Tangible Takeaways & Calls to Action
- Honest Storytelling:
Use Mental Health Awareness Month to tell authentic, year-round stories of need and impact—not just during the campaign. Invite dialogue and community input. (April Walker [29:40])
- Intentional Breathing:
Practice grounding techniques like box breathing, individually and in teams, to support mental health. (Lauren Carson [30:50])
- Rest and Boundaries:
Embrace micro-rests and delegate where possible. Prioritize small, manageable goals over exhaustive to-do lists. (Lauren Carson [25:15])
- Modeling Wellness:
Leaders: lead by example. Show that wellness and asking for support are valued and normalized. (April Walker [27:14])
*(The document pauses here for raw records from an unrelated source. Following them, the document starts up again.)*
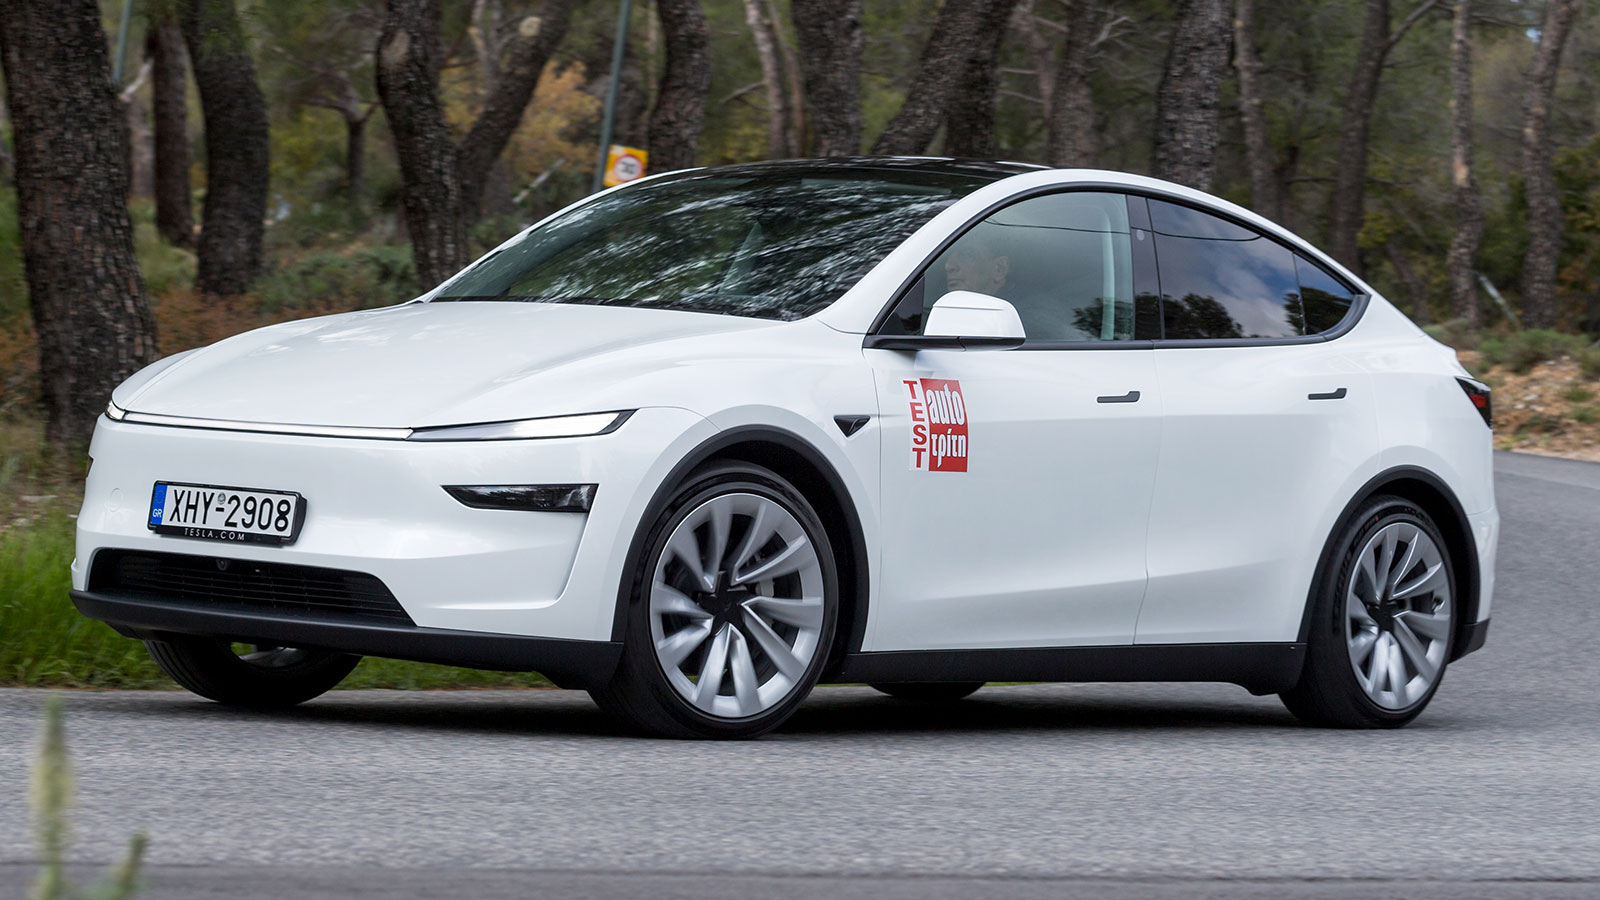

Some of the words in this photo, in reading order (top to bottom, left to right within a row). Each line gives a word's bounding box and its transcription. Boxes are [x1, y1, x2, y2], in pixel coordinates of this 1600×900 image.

[903, 380, 927, 468] TEST
[926, 383, 965, 425] auto
[931, 428, 966, 468] τρίτη
[152, 508, 163, 518] GR
[169, 489, 291, 532] XHY-2908
[184, 528, 245, 541] TESLA.COM
- Challenge Toxic Resilience:
Shift the conversation toward recovery and healing, not just endurance, and model this for the next generation.
Final Thoughts
This episode challenges listeners to recognize the unspoken mental health burdens facing Black women and girls, especially within nonprofit leadership. Through transparency, authentic relationships, and collective care, nonprofits can resist harmful funding dynamics and begin to heal generational wounds. As Mental Health Awareness Month unfolds, the panel reminds us: the power for change begins with honest conversations, small sustainable practices, and the courage to imagine a different, healthier normal.